Commodities / Gold and Silver 2011 Jan 11, 2011 - 05:34 PM GMT

By: Przemyslaw_Radomski

Commodities

Best Financial Markets Analysis Article2011 is sure to be a critical year for gold with several analysts predicting an end of the bull market. It may sound very strange, but it appears that the USD Index has been leading the way for precious metals and suggests higher prices are likely to be seen soon. The general stock market may enter a consolidation phase in the near-term but has had little influence on gold, silver and mining stocks recently.


Recent declines in precious metals prices have been clearly seen from a short-term point of view. This may appear scary to some. Note, however, that if price declines are short lived, this means little to speculative long positions. Also, please keep in mind that in the past none of the major upswings ended in a consolidation pattern, which makes it less likely that the rally is completely over now.

The long-term USD Index chart shows that the index level is currently above the declining resistance line.  The consolidation has already taken place - in the 79 - 81 range, it is likely that index levels will continue to move up from where they are today - most likely to the area marked with red ellipse on the above chart.

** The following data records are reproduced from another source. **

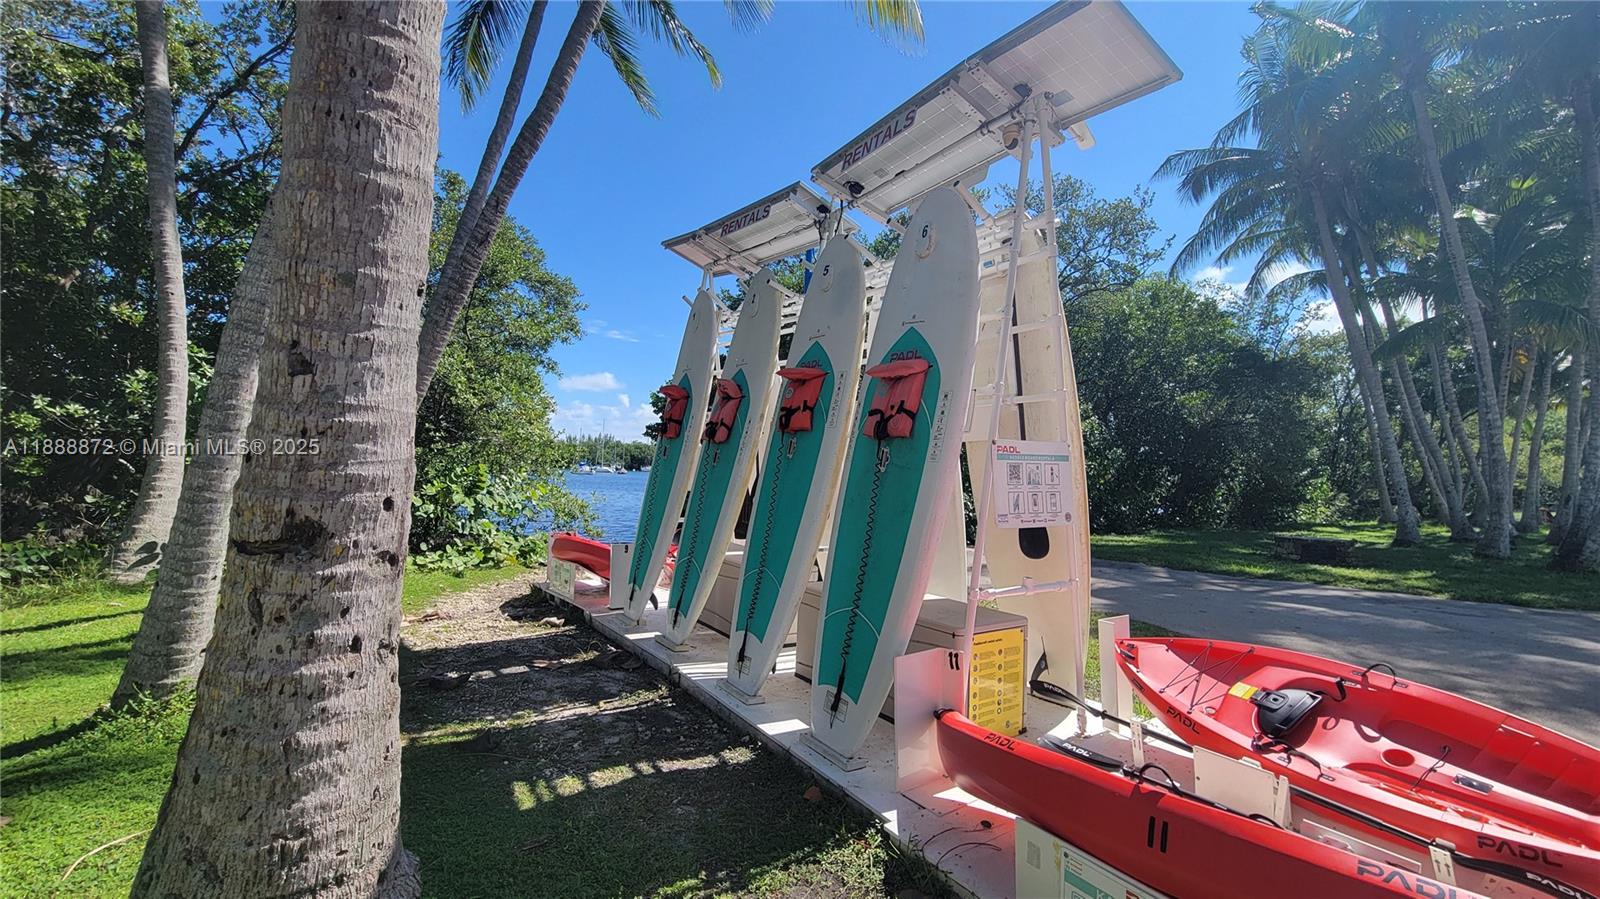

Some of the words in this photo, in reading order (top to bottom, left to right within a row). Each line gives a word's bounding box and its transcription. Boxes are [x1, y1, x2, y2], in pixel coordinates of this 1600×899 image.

[840, 108, 917, 172] RENTALS
[720, 204, 771, 237] RENTALS
[921, 225, 929, 239] 6
[822, 264, 830, 277] 5
[889, 350, 922, 363] PADL
[996, 445, 1021, 454] PADL
[948, 651, 961, 670] 11
[1166, 706, 1200, 735] PADL
[983, 732, 1016, 751] PADL
[1062, 742, 1090, 757] PADL
[1147, 815, 1168, 854] 11
[1476, 835, 1563, 868] PADL

The short-term USD Index chart is perhaps the most important chart in this essay. Before moving on to the most important observation above, let's take a moment to study the cyclical turning points as they have worked almost perfectly. The recent local bottom is seen to be precisely aligned with the vertical black cyclical turning point line above.

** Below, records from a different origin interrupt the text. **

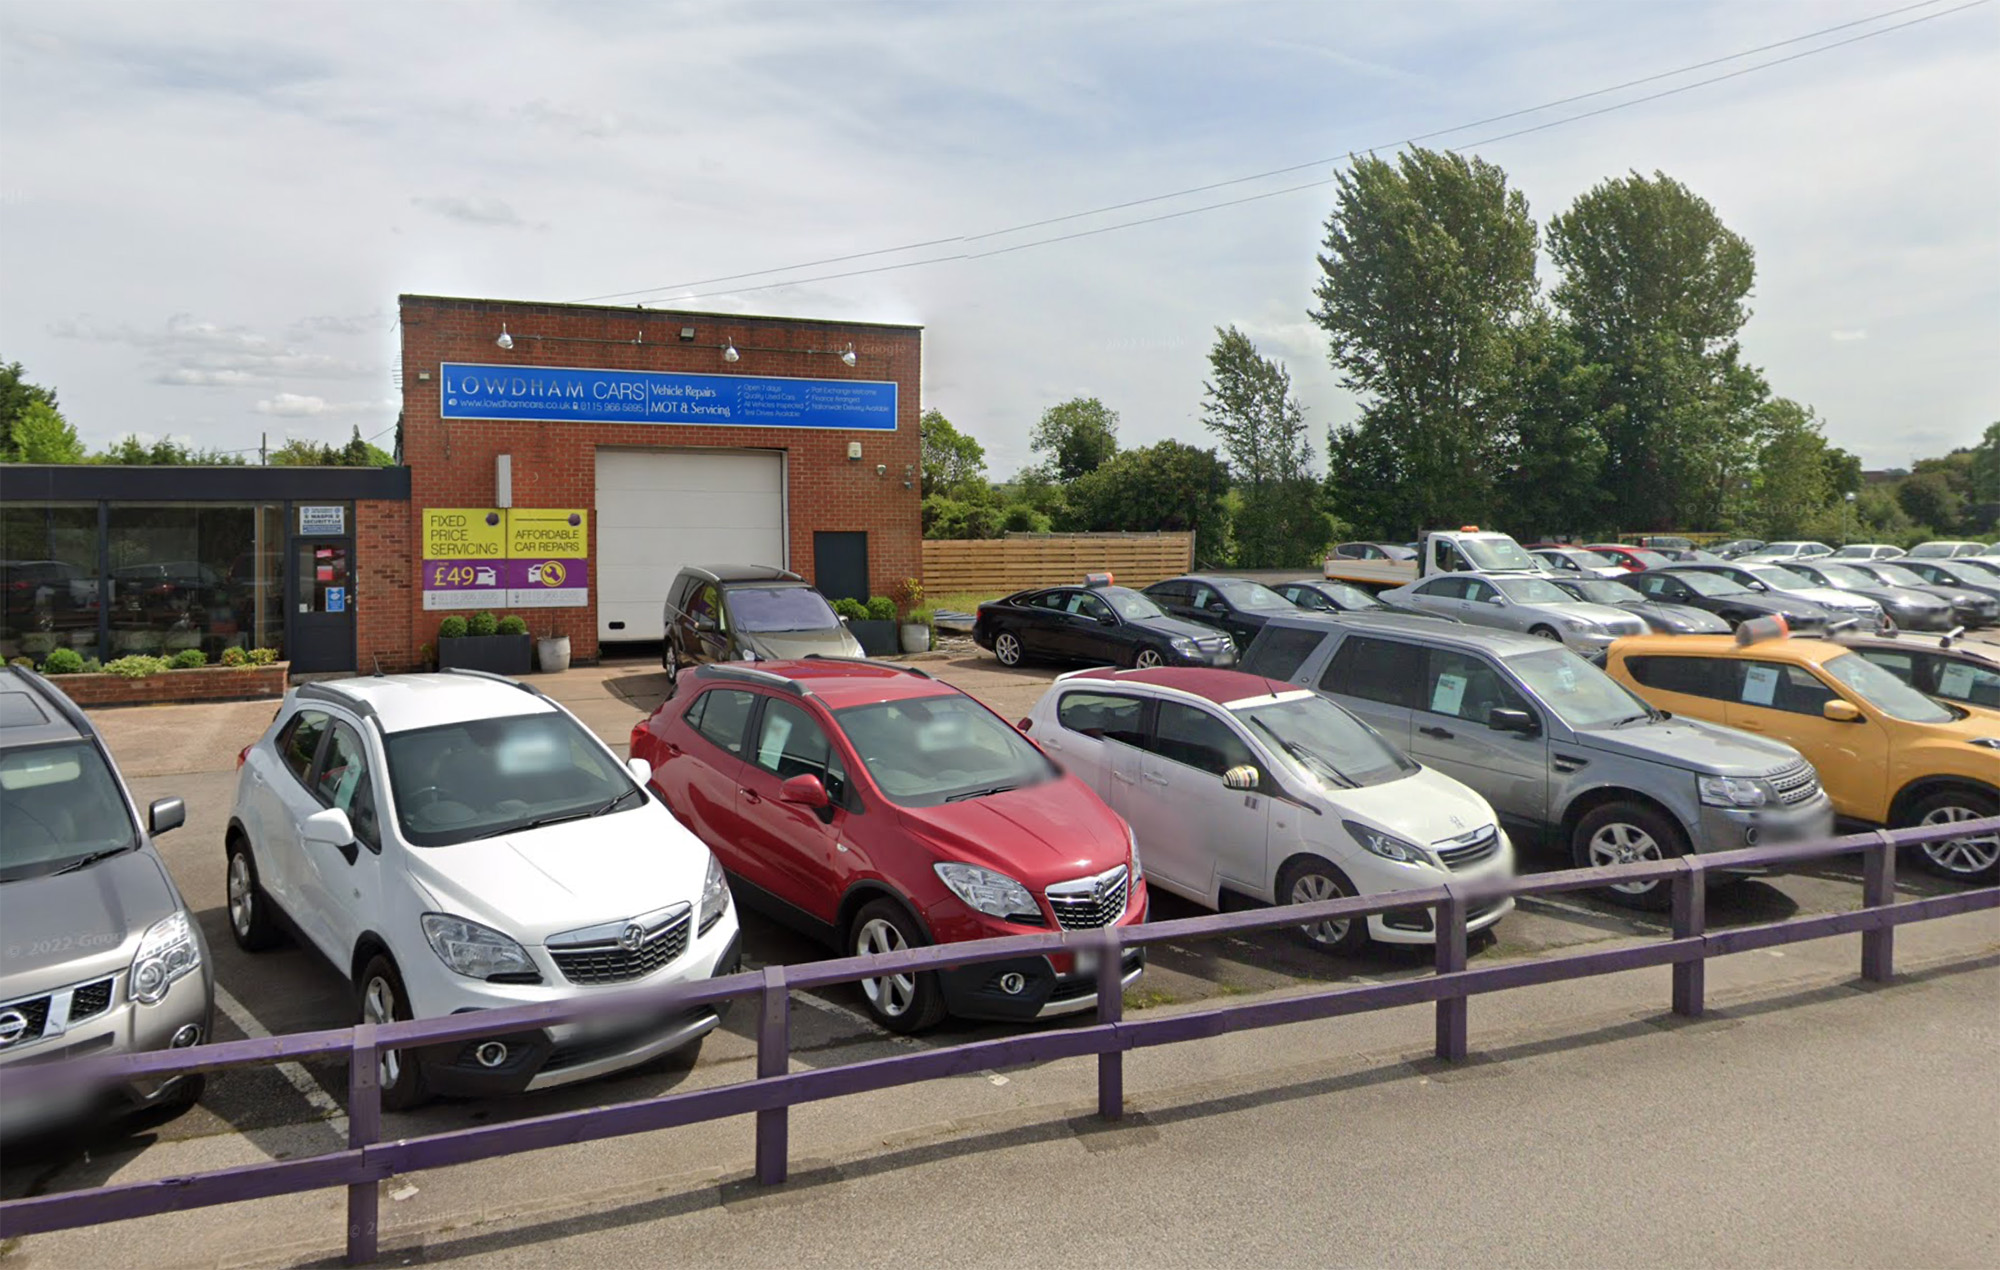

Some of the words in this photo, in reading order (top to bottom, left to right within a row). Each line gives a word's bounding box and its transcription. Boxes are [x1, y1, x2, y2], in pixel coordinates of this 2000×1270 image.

[447, 376, 584, 398] LOWDHAM
[593, 381, 645, 401] CARS
[651, 384, 683, 397] Vehicle
[685, 385, 717, 400] Repairs
[744, 384, 760, 392] Open
[766, 385, 782, 393] days
[744, 392, 764, 401] Quality
[765, 392, 781, 400] Used
[781, 393, 796, 401] Cars
[460, 399, 571, 411] www.lowdhamcars.co.uk
[580, 401, 603, 412] 0115
[603, 402, 620, 413] 966
[650, 401, 677, 414] MOT
[680, 402, 689, 414] &
[691, 402, 731, 418] Servicing
[430, 515, 466, 527] FIXED
[430, 529, 468, 541] PRICE
[515, 529, 579, 540] AFFORDABLE
[430, 543, 499, 556] SERVICING
[514, 541, 536, 552] CAR
[538, 541, 580, 552] REPAIRS
[433, 566, 475, 586] £49

The main point here is the USD influence on precious metals. While it is not visible in the direct way (consequently the Correlation Matrix does not reflect that), the USD Index appears to be leading precious metals. The markets are moving in the same direction although the turnaround is slightly sooner in the USD Index.

In early October, a bottom was seen and gold and silver bottomed as well. The dollar and precious metals declined in late October into early November and then rallied. Tops were reached a bit later followed by a quick decline in the USD Index and subsequent slower declines in the metals sector. Next the dollar rallied and reached a local top and precious metals soon followed.

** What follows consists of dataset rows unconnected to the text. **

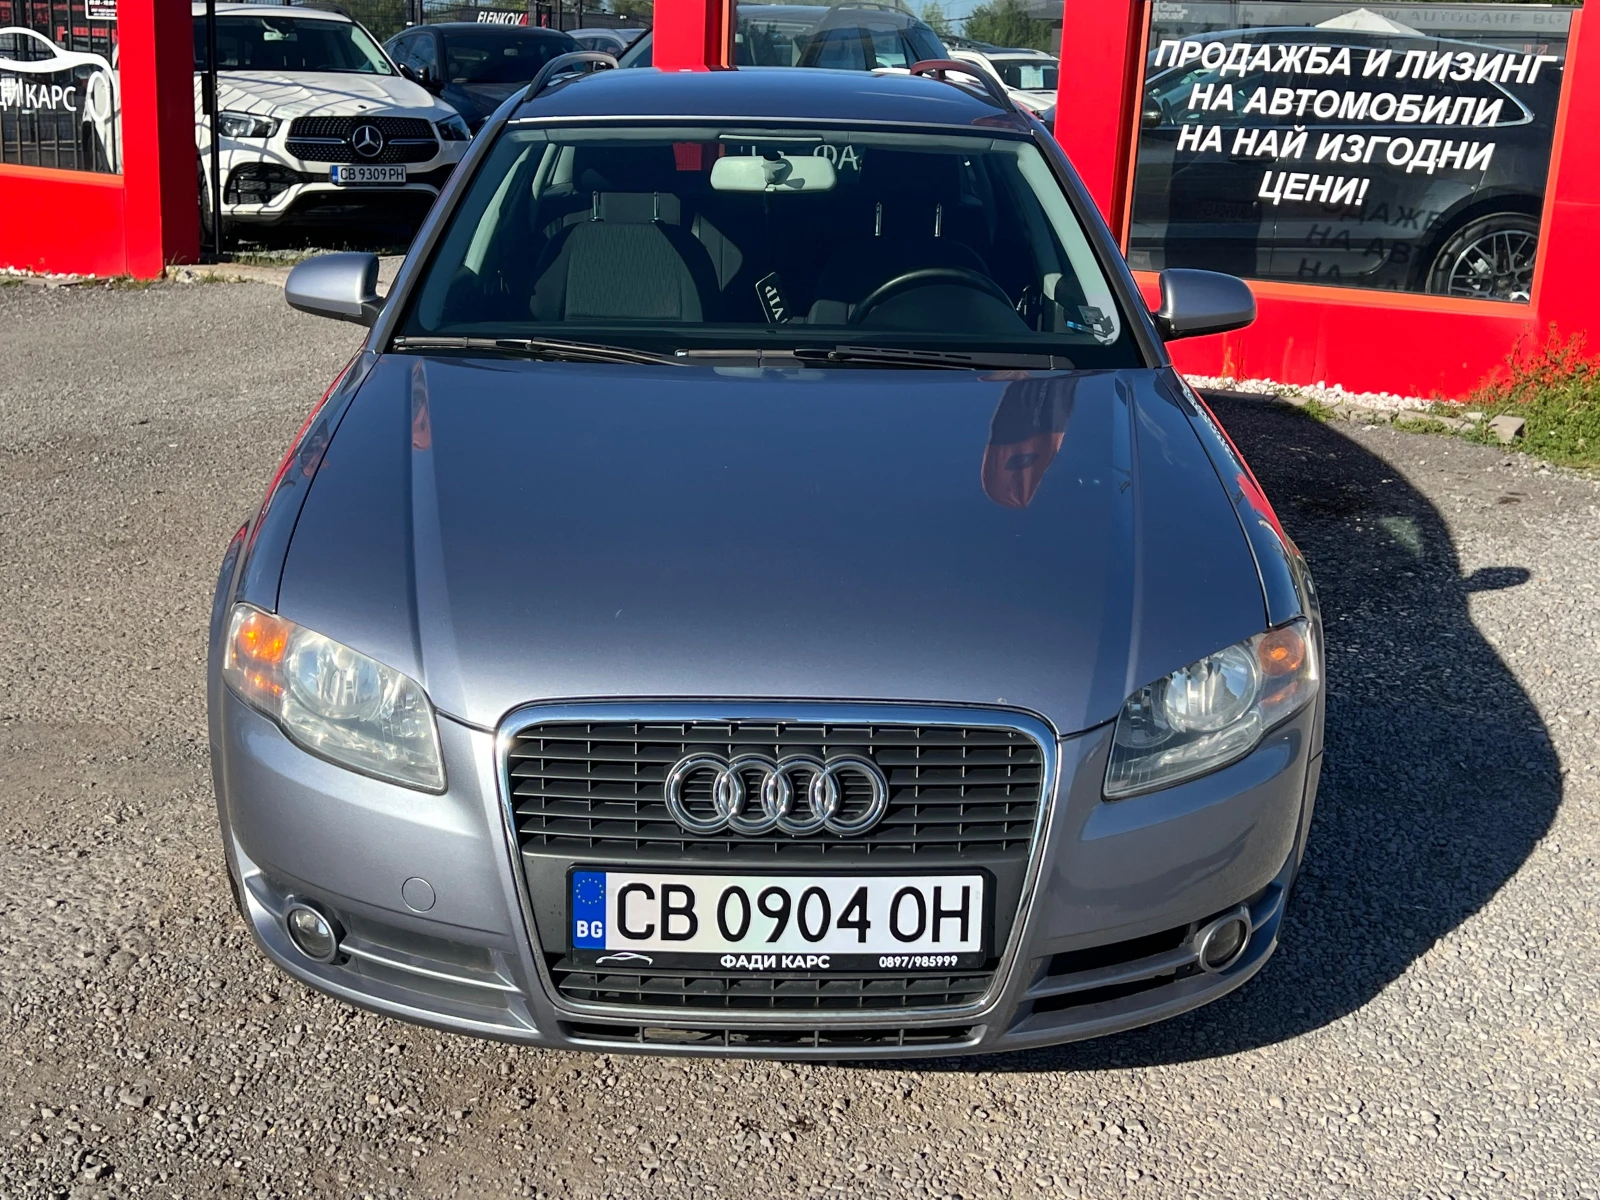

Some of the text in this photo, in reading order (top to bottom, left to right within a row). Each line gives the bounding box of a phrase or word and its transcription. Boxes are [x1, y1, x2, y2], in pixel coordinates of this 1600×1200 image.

[1155, 40, 1559, 84] ПРОДАЖБА И ЛИЗИНГ
[25, 84, 77, 111] КАРС
[1188, 84, 1504, 127] НА АВТОМОБИЛИ
[1177, 125, 1496, 174] НА НАЙ ИЗГОДНИ
[340, 168, 356, 180] CB
[358, 168, 387, 180] 9309
[388, 168, 404, 180] PH
[1259, 171, 1370, 206] ЦЕНИ!
[765, 286, 784, 321] VIP
[576, 920, 603, 939] BG
[616, 882, 970, 944] CB 0904 OH
[720, 953, 958, 970] ФАДИ КАРС 0897/985999

We now have seen the dollar recover from its December decline and with precious metals having declined also, the suggestion is that they will likely recover as well. This indirect influence from the USD Index is the only real influence seen upon metals from the currency markets at this time.
Consequently, the dollar is likely to strengthen, which would coincide with a decline in euro. The 83 target level for the USD Index still appears valid and recent trends indicate that gold, silver and mining stocks are also likely to trend in the same direction as the dollar - however with a slight delay.

Correlations between gold and other key indicators show that no direct implications from the dollar or from stocks are seen upon precious metals. There is however, an indirect influence from the USD Index, which was discussed in detail in an earlier section of this essay. This provides bullish implications for gold, silver and mining stocks.

Speaking of silver, it has just been stopped by a long-term support level. Please take a look below for details.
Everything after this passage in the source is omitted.